Senior legal experts in the cryptocurrency field point out that with the CSRC clarifying registration procedures and document submission standards, the compliance threshold for RWA businesses has significantly increased. In the future, entities leading such businesses are more likely to be large financial institutions or industry leaders with compliance capabilities, rather than traditional Web3 startup teams.

Financial Institutions Become Main Force in Overseas Issuance, Incorporated into Unified Risk Management System

Article 15 of the "Notice" specifically stipulates that if overseas subsidiaries or branches of Chinese financial institutions participate in RWA-related services, they must strictly implement compliance requirements such as Know Your Customer (KYC), investor appropriateness management, and Anti-Money Laundering (AML), and incorporate related businesses into the unified risk management framework of their domestic headquarters.

Legal experts interpret that the regulatory channel opened this time is mainly oriented towards financial institutions, and non-financial enterprises have not yet been included in the scope of compliant participation. In other words, the compliant issuance channel for overseas RWA is actually designed around the existing financial system.

Enhanced Risk Warnings, High Vigilance Needed for Domestic Fundraising and Over-the-Counter Trading

Some lawyers point out that this regulatory framework essentially characterizes RWA as "security tokenization", and from the perspective of preventing financial risks, the regulatory authorities focus on blocking various channels that leverage domestic assets and funds to raise capital from ordinary domestic investors under the names of RWA, NFTs, digital collectibles, etc.

The lawyer particularly reminds that extreme caution is needed when conducting RWA-related consulting, issuance, promotion, sales and other activities within the country. Especially for behaviors such as over-the-counter trading, cross-border fund transfers, and traffic diversion through KOLs, the current legal risks have significantly increased.

Technical Barriers Remain for On-Chain Implementation, Ecosystem Maturity Becomes Key Variable

Even as regulatory pathways gradually become clearer, RWA still faces practical challenges from compliance to true "on-chain" implementation.
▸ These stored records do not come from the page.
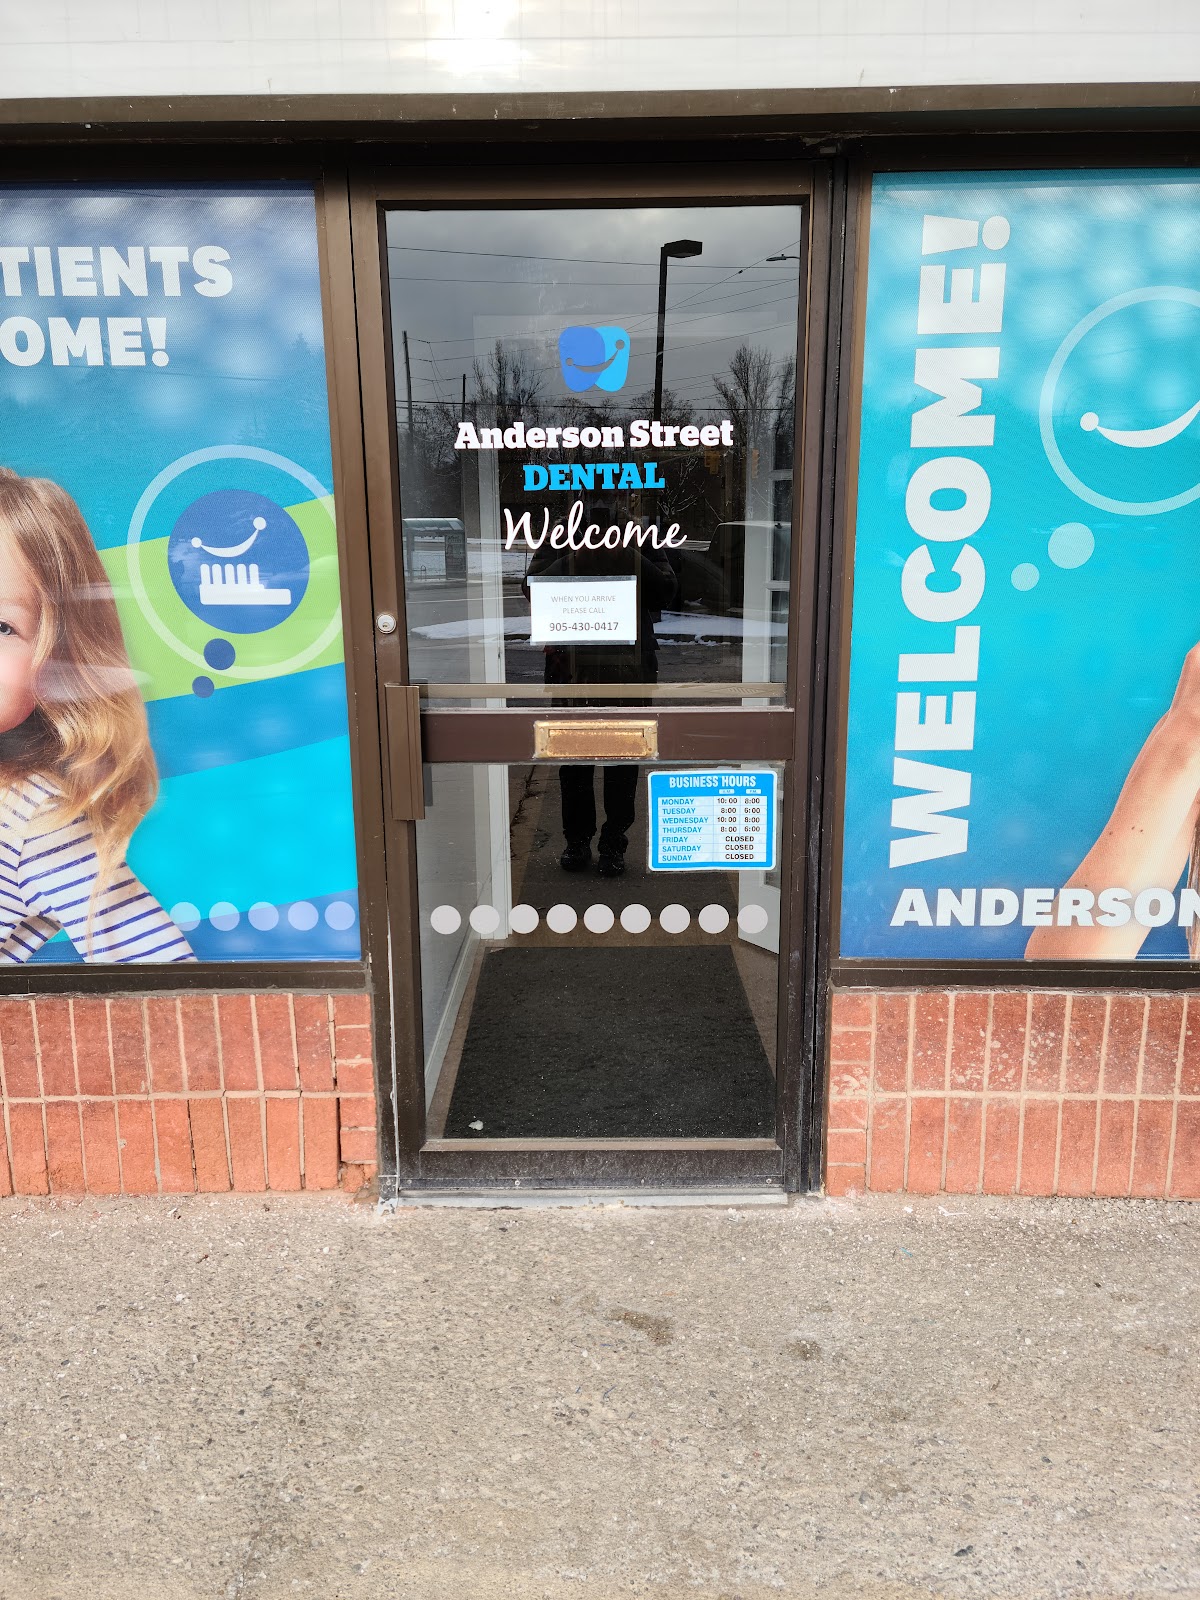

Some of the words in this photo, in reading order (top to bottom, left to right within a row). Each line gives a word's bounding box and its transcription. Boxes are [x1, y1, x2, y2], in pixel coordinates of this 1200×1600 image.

[0, 245, 233, 298] TIENTS
[0, 316, 170, 367] OME!
[454, 421, 625, 450] Anderson
[629, 419, 734, 448] Street
[522, 462, 666, 492] DENTAL
[503, 500, 688, 551] Welcome
[889, 214, 1011, 869] WELCOME!
[550, 595, 573, 603] WHEN
[549, 621, 619, 632] 905-430-0417
[669, 776, 719, 788] BUSINESS
[721, 775, 757, 788] HOURS
[661, 798, 695, 806] MONDAY
[662, 807, 696, 815] TUESDAY
[662, 816, 709, 825] WEDNESDAY
[662, 826, 702, 834] THURSDAY
[662, 854, 692, 862] SUNDAY
Industry insiders point out that RWA-related token standards are currently in a fragmented state globally, becoming the main obstacle to large-scale application.

For example, some bond-type token standards (such as ERC-3525, ERC-3475) have few actual implementation cases due to complex design and high wallet integration costs; although equity-type RWA achieves on-chain share mapping through base scaling mechanisms, inconsistent support levels among different wallets often lead to deviations in user-side asset display.
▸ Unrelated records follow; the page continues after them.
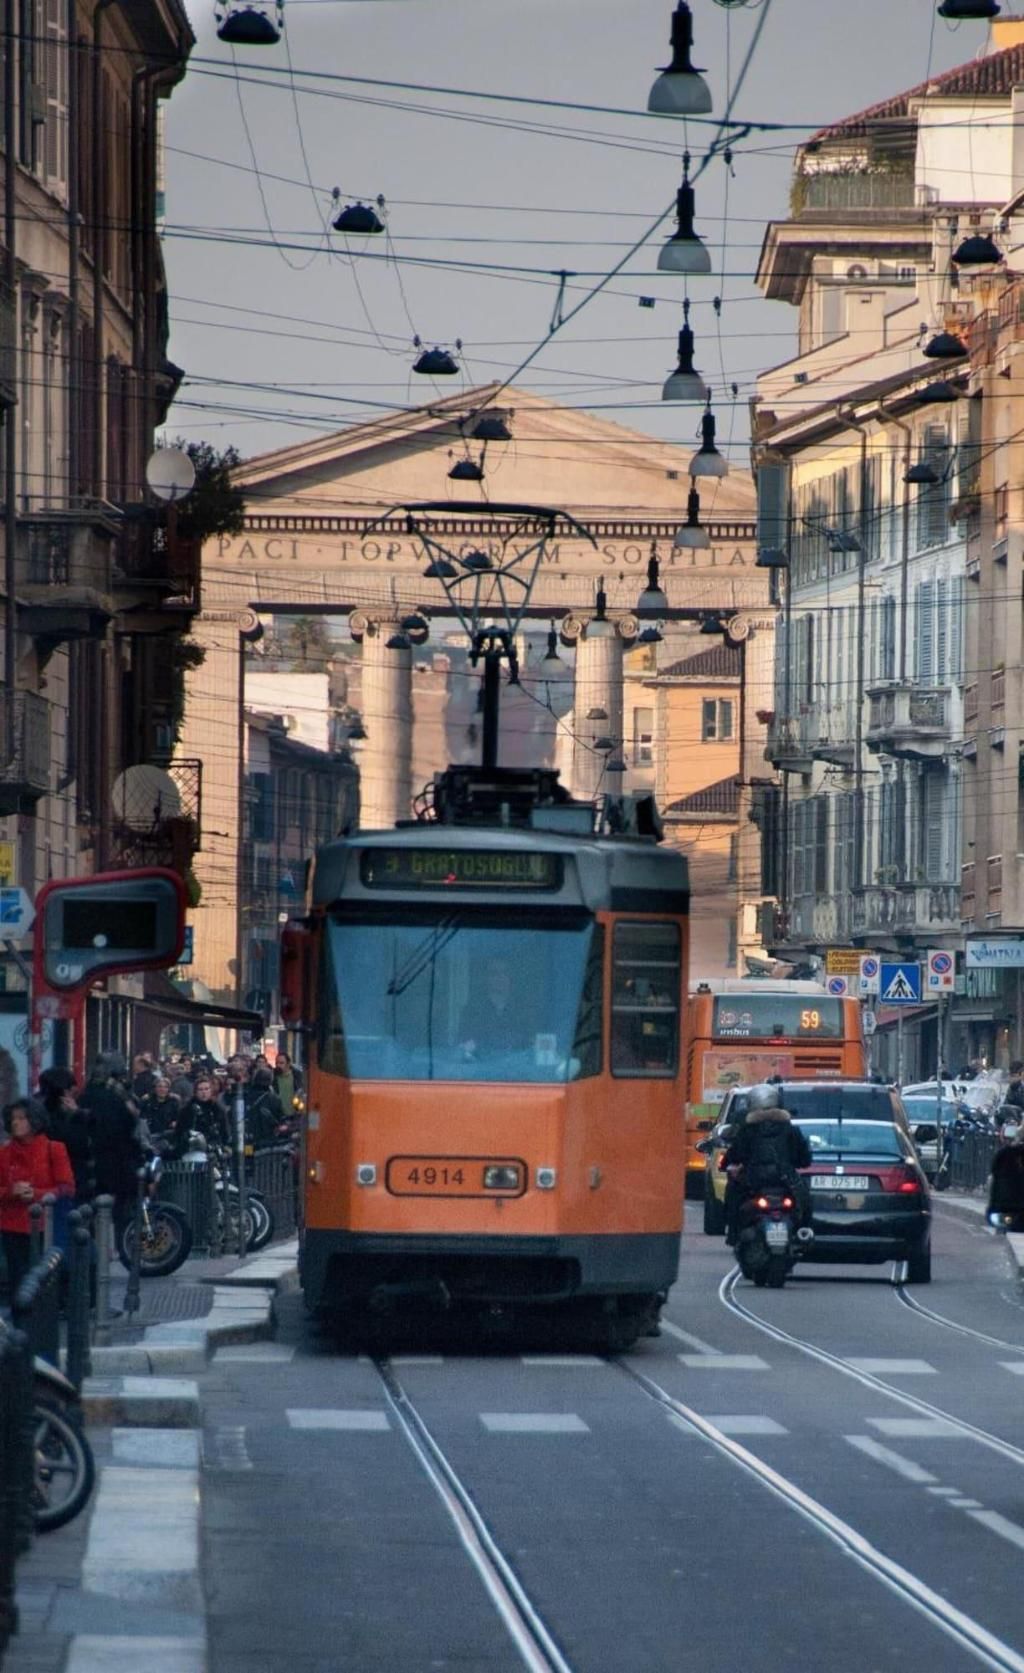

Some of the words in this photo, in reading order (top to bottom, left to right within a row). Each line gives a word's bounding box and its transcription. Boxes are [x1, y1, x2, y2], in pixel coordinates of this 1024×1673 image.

[217, 538, 298, 560] PACI
[801, 1010, 820, 1028] 59
[407, 1167, 465, 1185] 4914
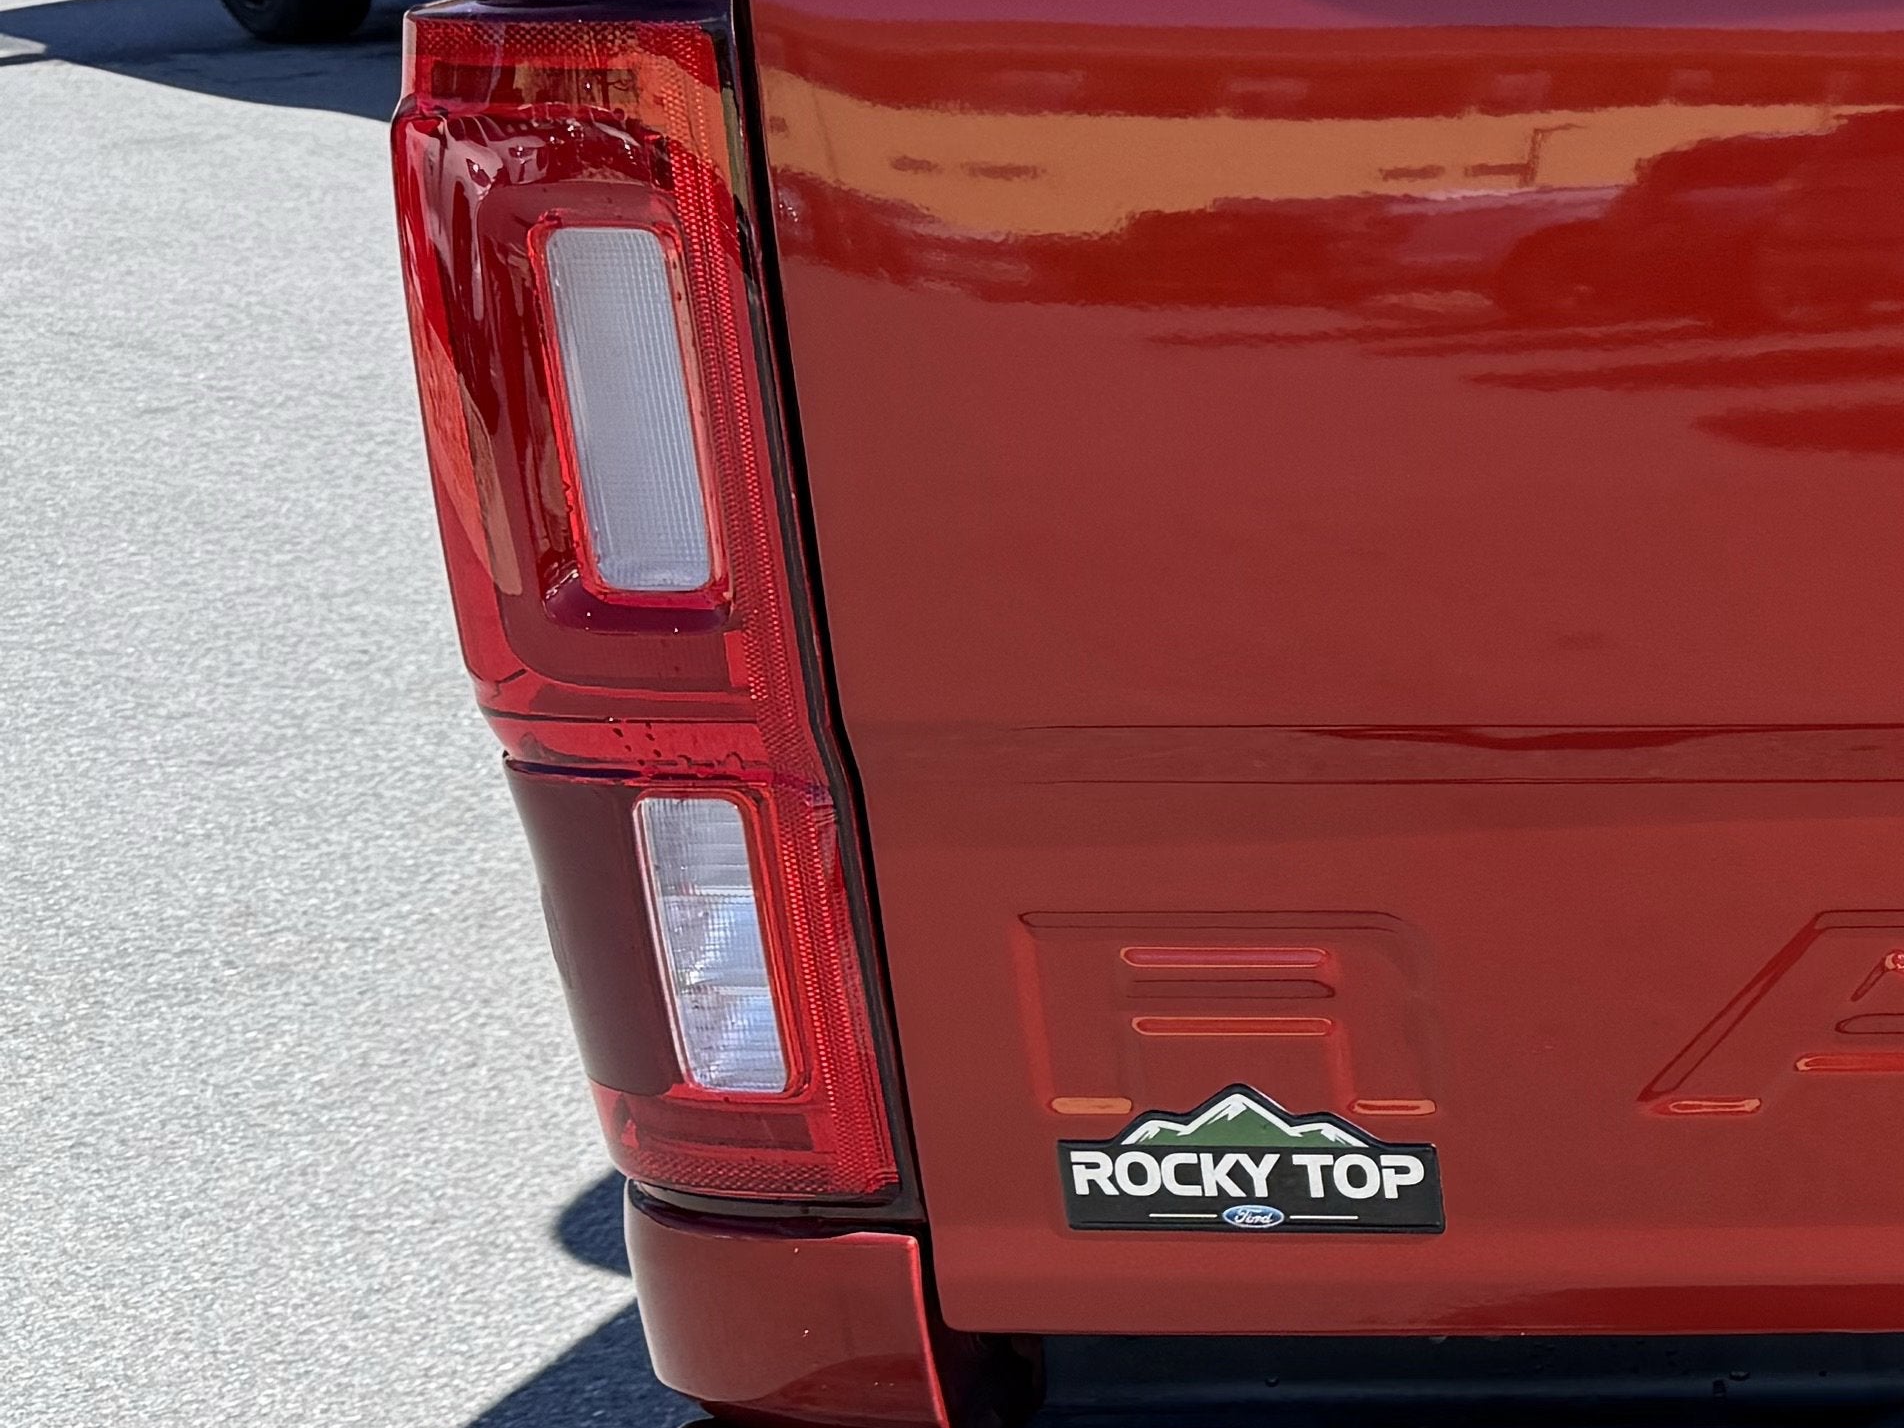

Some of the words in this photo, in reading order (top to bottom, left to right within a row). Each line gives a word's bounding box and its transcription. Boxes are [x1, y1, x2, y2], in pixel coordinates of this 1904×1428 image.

[1070, 1151, 1281, 1198] ROCKY
[1292, 1154, 1425, 1200] TOP
[1234, 1207, 1274, 1224] Ford
In contrast, products like Aave's aToken or Lido's stETH are widely accepted not because they rely on comprehensive standards, but because they deeply embed yield mechanisms into on-chain interactions, allowing operations such as transfers and staking to automatically complete yield accumulation. Analysts believe that the true implementation of RWA requires not only regulatory approval but also depends on whether on-chain infrastructure can support stable yield expression, asset combination capabilities, and a complete user experience loop.

Summary: Reconstructing Regulatory Framework, Not Relaxation but Standardization

Based on comprehensive interpretations from various sources, the "Notice" and supporting "Guidelines" jointly issued by the eight ministries this time are not a "relaxation" of the virtual asset field but a systematic reconstruction of China's virtual asset regulation: virtual currencies remain strictly excluded from the financial system, stablecoins enter a dynamic evaluation channel, and RWA is formally incorporated into the traditional securities and cross-border financing regulatory framework.

This is not China's embrace of cryptocurrency but rather China incorporating tokenization technology into the existing institutional framework according to its own financial regulatory logic, guiding it to serve the compliant development of the real economy and financial system.